Poetry is realization of a kind, a splendid kind. El Dorado, the fabled Golden Man whom Walter Raleigh pursued so desperately up the Orinoco, found no such place in poetry, but survives as legend. The Seven Cities of Cíbola and the land of Quivira did not survive, even as legend, the exposure of their reality. Their pursuit brought only bitterness and disappointment, dust and ashes.

When Pánfilo de Narváez tried to colonize Florida in 1528, he died of the attempt, and most of his people with him. A handful, including Alvar Nuñez Cabeza de Vaca, survived eight years of wandering among the Indian tribes, sometimes as prisoners, sometimes as revered medicine men, and in 1536, having walked across the southern part of the continent and down the Mexican Gulf Coast, they appeared in Panuco (now Tampico). They brought tales, heard from the Indians, of a land to the north and west where there were seven cities built of stone, with buildings four and five stories high whose doorposts and lintels were set with turquoise.

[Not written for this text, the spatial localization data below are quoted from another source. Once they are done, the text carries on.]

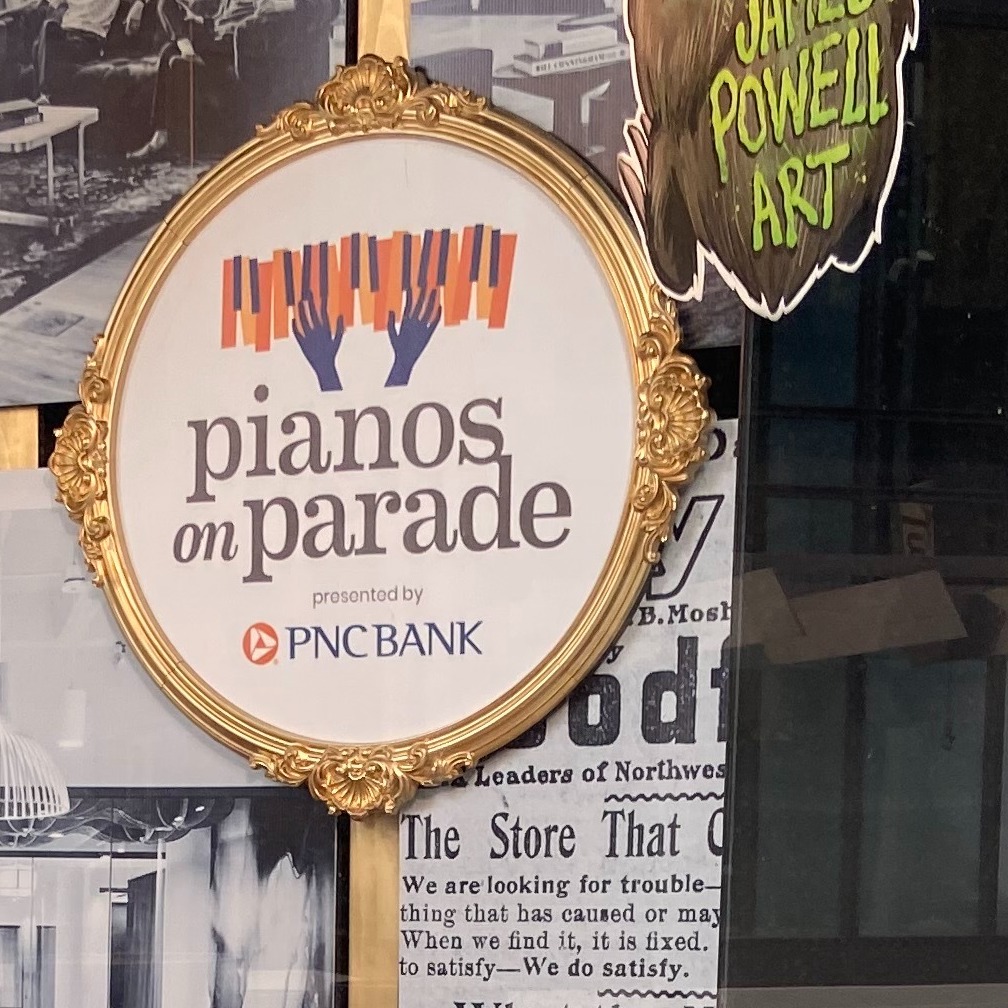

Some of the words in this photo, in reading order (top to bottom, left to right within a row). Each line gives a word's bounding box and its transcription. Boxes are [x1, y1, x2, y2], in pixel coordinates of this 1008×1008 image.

[710, 22, 889, 184] POWELL
[753, 143, 850, 251] ART
[186, 384, 504, 503] pianos
[173, 520, 238, 563] on
[242, 454, 572, 583] parade
[312, 586, 398, 609] presented
[402, 585, 424, 605] by
[376, 621, 484, 657] BANK
[474, 765, 573, 787] Leaders
[582, 761, 607, 782] of
[401, 813, 460, 860] The
[490, 811, 576, 859] Store
[601, 809, 681, 857] That
[402, 876, 438, 894] We
[445, 877, 480, 894] are
[487, 875, 570, 898] looking
[580, 875, 611, 894] for
[400, 904, 456, 928] thing
[465, 904, 508, 922] that
[517, 904, 553, 922] has
[561, 903, 635, 922] caused
[645, 907, 667, 922] or
[678, 907, 721, 928] may
[401, 930, 462, 949] When
[472, 935, 500, 949] we
[508, 931, 548, 949] find
[558, 931, 582, 954] it,
[592, 931, 609, 949] it
[619, 931, 636, 949] is
[645, 930, 708, 951] fixed.
[398, 958, 419, 976] to
[568, 958, 593, 977] do
[602, 958, 690, 982] satisfy.
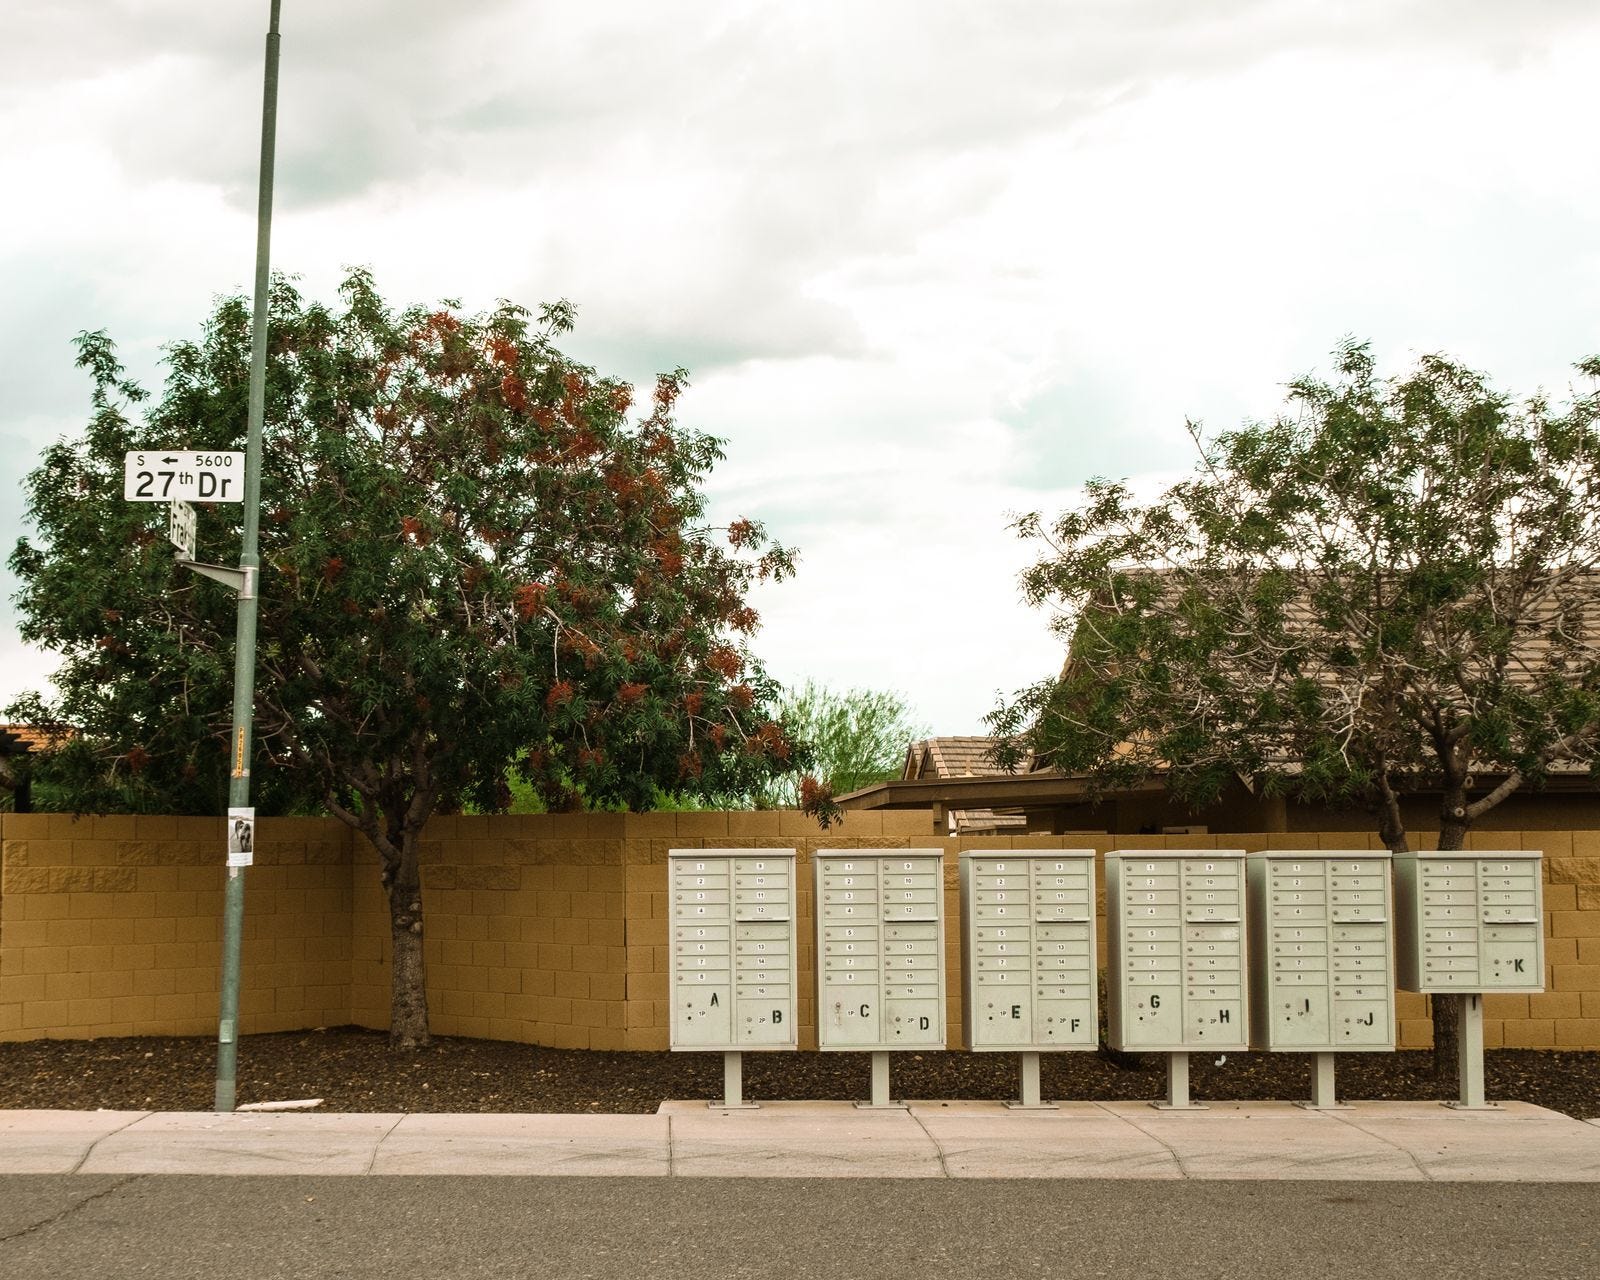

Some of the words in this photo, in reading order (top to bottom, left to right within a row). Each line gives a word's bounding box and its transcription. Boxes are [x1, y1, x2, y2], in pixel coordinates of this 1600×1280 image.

[137, 455, 145, 466] S
[196, 455, 232, 467] 5600
[136, 471, 193, 497] 27th
[199, 472, 231, 497] Dr
[1514, 959, 1524, 972] K
[710, 992, 719, 1007] A
[1150, 995, 1160, 1008] G
[1305, 998, 1309, 1013] I
[772, 1010, 782, 1024] B
[860, 1004, 870, 1017] C
[1011, 1005, 1021, 1019] E
[1219, 1010, 1230, 1024] H
[919, 1016, 929, 1030] D
[1071, 1019, 1080, 1033] F
[1364, 1012, 1373, 1026] J

People still vibrating to the shock waves of what Cortés and Pizarro had found were not skeptics. Viceroy Mendoza sent a friar, Marcos de Niza, northward to investigate, and along with him the black slave Esteban who had been with Cabeza de Vaca. Esteban went ahead of Fray Marcos, sending back increasingly excited messages of what the Indians along their route told him. He was still ahead when they reached the first “city,” but when he entered it, his arrogance and his way of handling Indian women so offended the inhabitants that they killed him. Fray Marcos and his companions watched from a ridge and then fled—“with,” the historian Pedro de Castañeda wrote contemptuously, “their habits up to their waists.” But not before their eyes had seen what their imaginations told them to see: tall stone buildings, a city “larger than the city of Mexico,” doubtless full of treasure.

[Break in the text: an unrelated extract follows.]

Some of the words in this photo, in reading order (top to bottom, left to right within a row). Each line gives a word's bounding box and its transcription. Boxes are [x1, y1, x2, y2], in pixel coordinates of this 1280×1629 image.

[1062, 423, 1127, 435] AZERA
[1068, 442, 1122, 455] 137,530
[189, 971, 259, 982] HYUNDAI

Fray Marcos’ overheated report led to the Coronado expedition, as grandiose a failure as even the Spaniards in the New World ever launched. The company that gathered at Compostela on February 22,1540, contained two hundred and thirty mounted men, many of them nonSpaniards, filibusters and fortune hunters from all over Europe. There were also sixty-two foot soldiers, one thousand horses, six hundred pack animals, thousands of sheep and cattle, four friars with their escort, mountains of supplies, and hundreds of Indians—a far more powerful force than either Cortés or Pizarro had had for their conquests. It was supported, moreover, by a naval arm under Hernando de Alarcón, with which it was supposed to make contact at the head of the Gulf of California.

 

This army pursued hallucination up the west coast of Mexico, through the Sonora and San Pedro valleys to near the GiIa, and then northeast to the Zuñi town of Hawíkuh—in Castañeda’s words “a small, rocky pueblo, all crumpled up, there being many farm settlements in New Spain that look better from afar”—which resisted and was destroyed. No gold or silver could be sifted out of its ruins. Resting the main army, Coronado sent his captains exploring—Tovar to the Hopi towns, Cardenas as far west as the Grand Canyon, Alvarado eastward past Acoma and the Tigua pueblos around modern Albuquerque and on to Cicuye (Pecos), where a fast-talking Wichita Indian from the buffalo plains told the Spaniards the kind of tales they liked to hear, of a land called Quivira, on a great river far to the east that contained fish as big as horses, where Indian kings rode around in canoes with twenty paddlers on a side, ate off golden plates, and took their siestas to the tinkling of little golden bells.

By spring Coronado had left some of the Rio Grande pueblos in ruins and the rest in a state of sullen submission. He had found no treasure in those poor mud-mortared villages. But there remained Quivira. Under the guidance of the Wichita, whom they nicknamed the Turk because he looked like one, they set out into country that only Cabeza de Vaca’s party had ever seen, the southern plains.